Mi impresión es que el movimiento social que existió en el periodo neoliberal antes del 2007, del gobierno de la Revolución Ciudadana, ha sido profundamente transformado por una serie de factores. Y son factores estructurales. Es decir, el proceso de crecimiento económico de los últimos 15 años produjo una fuerte movilidad social y se amplió la clase media. Hubo migración y se erosionaron muchos de los actores sociales. En ese sentido, la base social del movimiento indígena también pasó a ser parte de los barrios urbanos y cambiaron su situación. Por eso, el movimiento social que derrumbó a tres presidentes, ya no existe como tal. 

El movimiento indígena perdió su contextura como eje vertebral de los movimientos sociales; los trabajadores industriales prácticamente desaparecieron, se debilitaron mucho, así también los sindicatos de trabajadores públicos. Y todos estos actores entraron a participar del gobierno de la Revolución Ciudadana de manera debilitada y un poco subordinada, llegaron a algunos acuerdos en el comienzo, pero el gobierno de Rafael Correa fue un gobierno muy Estado-céntrico. La tecnocracia que gobernaba, con el liderazgo de Correa, hizo una serie de reformas sociales, avanzaron en la inversión pública, aumentó el PIB, pero las organizaciones sociales se debilitaron. Y con el gobierno de Lenin Moreno esto se profundizó. Y lo que tenemos por ahora, en las protestas, es un sector popular bastante insatisfecho, que sigue siendo nostálgico del periodo de Correa, pero con sectores medios que son críticos al gobierno de Correa por el tema de la corrupción y lo que llaman autoritarismo, que es un discurso que han difundido en los medios de comunicación.

Lo que sí vemos es una recuperación de movimientos anti-mineros, ambientalistas, que son localizados en las zonas afectadas por la minería. También ha sido significativo el movimiento de las mujeres.  Pero el conjunto de los movimientos sociales ha sido debilitado. Los transportistas y sus sindicatos no fueron tocados por Correa, por eso se mantuvieron con el poder que tienen desde hace mucho tiempo.

Desde afuera llama la atención que un gobierno que prometía continuar con las políticas de Correa, hoy llegue a un acuerdo con el FMI. ¿Cómo ocurrió este proceso?

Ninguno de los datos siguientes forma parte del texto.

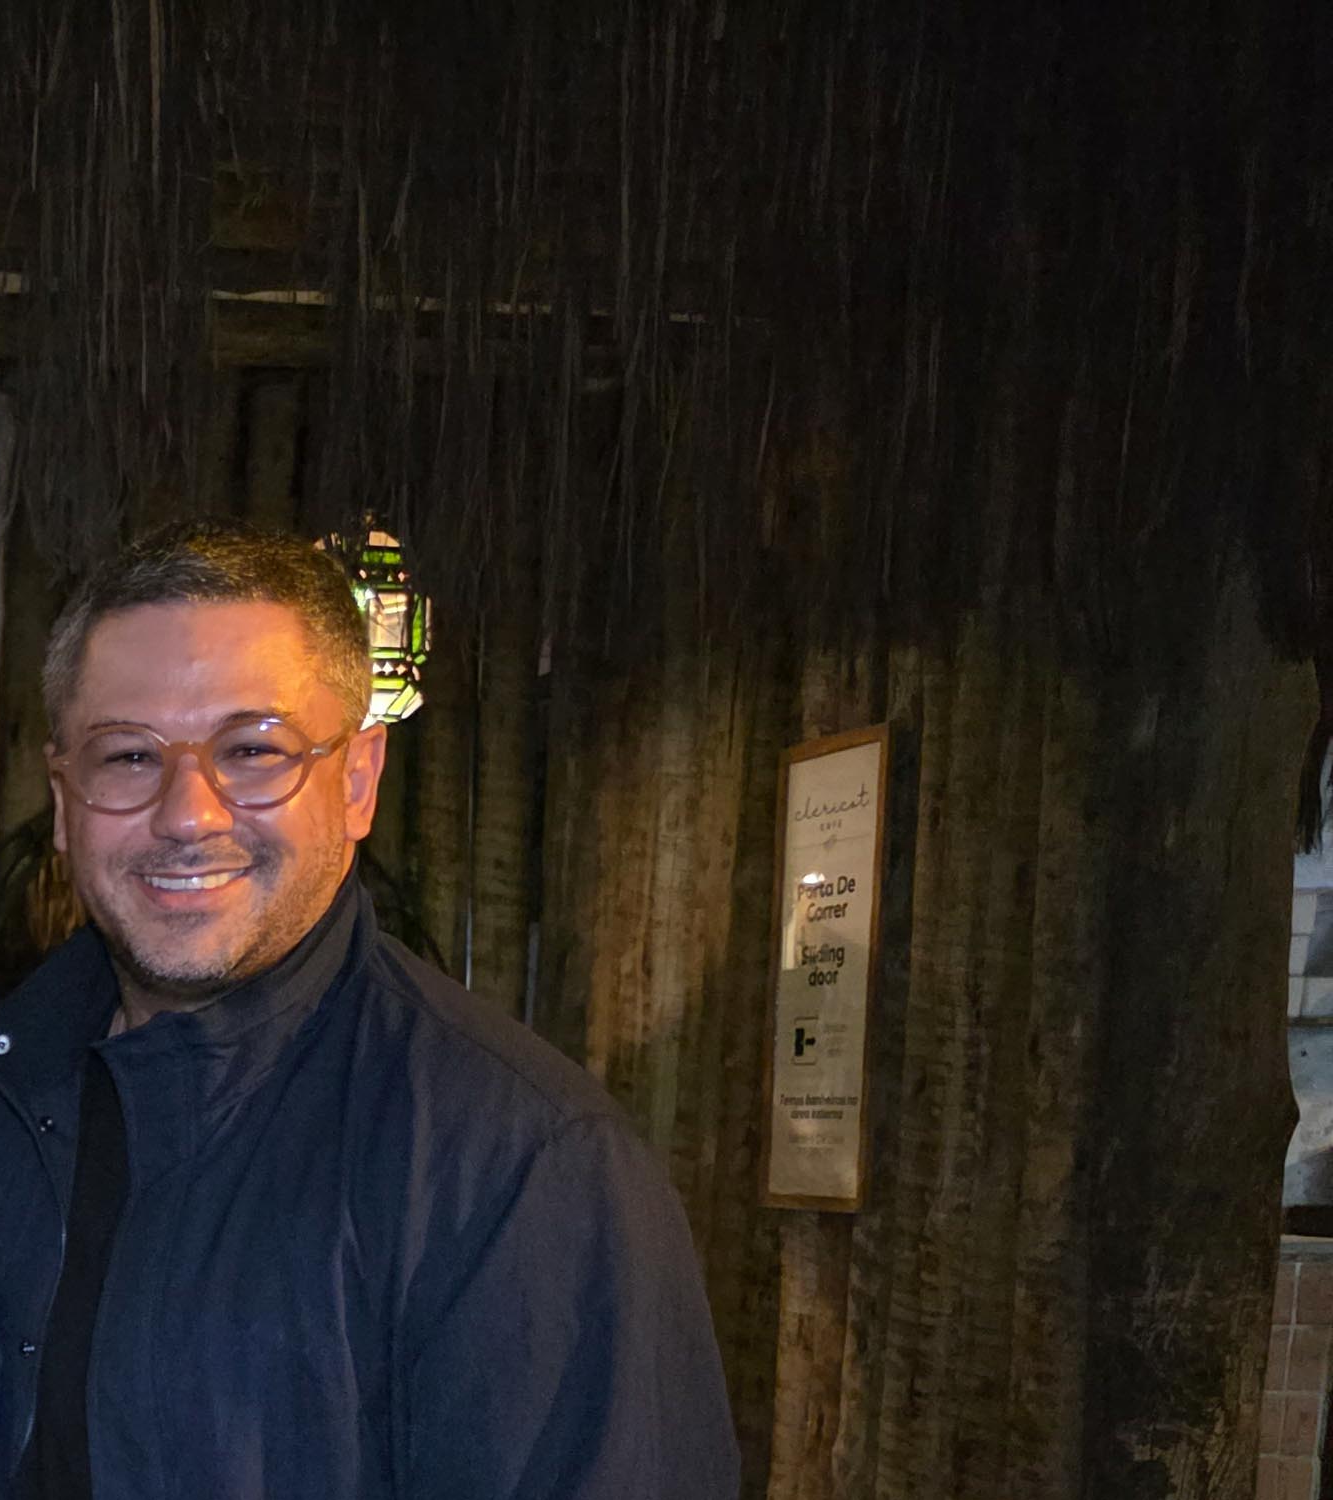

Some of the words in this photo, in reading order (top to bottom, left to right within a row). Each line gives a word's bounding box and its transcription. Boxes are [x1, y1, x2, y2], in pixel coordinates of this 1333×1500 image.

[797, 880, 834, 902] Porta
[837, 875, 857, 895] De
[808, 965, 839, 987] door

Este proceso comenzó un poco antes del cambio de gobierno. Ya se notaba un fraccionamiento de Alianza País, que gobernaba en ese momento. Y había algunos sectores vinculados al empresariado y a instituciones internacionales. De hecho, Lenin Moreno negoció al inicio de su gobierno con Donald Trump el apoyo sobre el tema de Julian Assange de la embajada de Ecuador, en Gran Bretaña y la salida del Unasur. Y los partidos de derecha y los medios de comunicación lograron establecer un discurso supuestamente democrático, que le permitió legitimar estas acciones, pero ya con una agenda claramente neoliberal, que se afirmó con el acuerdo del FMI.  

El sector de Correa lo cataloga como una traición. Pero Lenin Moreno fue modificando sus acciones con el sector empresarial de manera muy rápida, y de hecho los medios de comunicación lo han respaldado. Este es un gobierno de los empresarios y de los medios de comunicación.